What is the recommended setup for running Cadence/Temporal with Cassandra on production?

Hey @Akshay_Goyal,
I can provide some high level recommendations so you have a starting point, but mostly you have to run your bench test your usecase to figure out the right sizing for your workload. Here are some of the things to consider when sizing your clusters:

Number Of Shards
Based on your future load characteristics I would recommend to start with atleast 4k history shards. Number of history shards is a setting which cannot be updated after the cluster is provisioned. For all other parameters you could start small and scale your cluster based on need with time but this one you have to think upfront about your maximum load.

Core Database
Temporal is write intensive and uses LWT feature of Cassandra. 50% of the writes are LWT. I expect your workload to be mostly bounded by database capacity.
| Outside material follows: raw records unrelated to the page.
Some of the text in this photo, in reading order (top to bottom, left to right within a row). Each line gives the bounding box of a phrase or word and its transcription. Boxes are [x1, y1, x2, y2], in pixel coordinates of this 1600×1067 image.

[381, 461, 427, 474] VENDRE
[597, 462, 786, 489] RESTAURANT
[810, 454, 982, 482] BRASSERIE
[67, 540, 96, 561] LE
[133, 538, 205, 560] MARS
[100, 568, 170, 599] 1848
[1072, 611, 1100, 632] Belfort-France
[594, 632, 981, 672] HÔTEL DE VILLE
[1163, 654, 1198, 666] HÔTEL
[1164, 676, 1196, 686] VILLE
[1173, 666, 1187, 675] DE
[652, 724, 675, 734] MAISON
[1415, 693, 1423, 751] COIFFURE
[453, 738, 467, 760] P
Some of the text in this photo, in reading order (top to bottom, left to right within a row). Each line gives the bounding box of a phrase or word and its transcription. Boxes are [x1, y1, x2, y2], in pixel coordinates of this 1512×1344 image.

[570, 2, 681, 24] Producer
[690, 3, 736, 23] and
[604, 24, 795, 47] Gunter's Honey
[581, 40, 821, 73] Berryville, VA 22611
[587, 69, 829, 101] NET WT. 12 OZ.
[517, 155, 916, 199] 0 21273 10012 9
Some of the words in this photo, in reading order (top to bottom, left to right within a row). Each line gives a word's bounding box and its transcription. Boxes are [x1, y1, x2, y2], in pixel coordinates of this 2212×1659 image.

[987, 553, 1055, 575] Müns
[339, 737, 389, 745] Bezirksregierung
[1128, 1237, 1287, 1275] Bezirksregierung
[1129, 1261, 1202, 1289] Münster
Nice thing about Cassandra is that it scales horizontally and you just increases the size of cluster for Temporal to scale on throughput. We recommend to use replication factor of 3 for core Temporal keyspace. You want to start with 5 Cassandra hosts each with 16 cores and 32 GB memory.

Visibility Database
I don’t think Cassandra implementation for visibility store would scale at the numbers you are looking at. You should start with ElasticSearch as the visibility store.

Temporal Roles
Temporal server consists of 4 roles. Although you can run all roles within same process but we highly recommend running them separately as they have completely different concerns and scale characteristics. It also makes it operationally much simpler to isolate problems in production. All of the roles are completely stateless and system scales horizontally as you spin up more instances of role once you identify any bottleneck. Here are some recommendations to use as a starting point:

  1. Frontend: Responsible for hosting all service api. All client interaction goes through frontend and mostly scales with rps for the cluster. Start with 3 instances of 4 cores and 4GB memory.
  2. History: This hosts the workflow state transition logic. Each history host is running a shard controller which is responsible for activating and passivating shards on that host. If you provision a cluster with 4k shards then they are distributed across all available history hosts within the cluster through shard controller. If history hosts are scalability bottleneck, you just add more history hosts to the cluster. All history hosts form its own membership ring and shards are distributed among available nodes in the hash ring. They are quite memory intensive as they host mutable state and event caches. Start with 5 history instances with 8 cores and 8 GB memory.
  3. Matching: They are responsible for hosting TaskQueues within the system. Each TaskQueue partition is placed separately on all available matching hosts. They usually scale with the number of workers connecting for workflow or activity task, throughput of workflow/activity/query task, and number of total active TaskQueues in the system. Start with 3 matching instances each with 4 cores and 4 GB memory.
  4. Worker: This is needed for various background logic for ElasticSearch kafka processor, CrossDC consumers, and some system workflows (archival, batch processing, etc). You can just start with 2 instances each with 4 cores and 4 GB memory.

Hope this will give you a good starting point. Let’s keep updating this thread when you have more specific questions.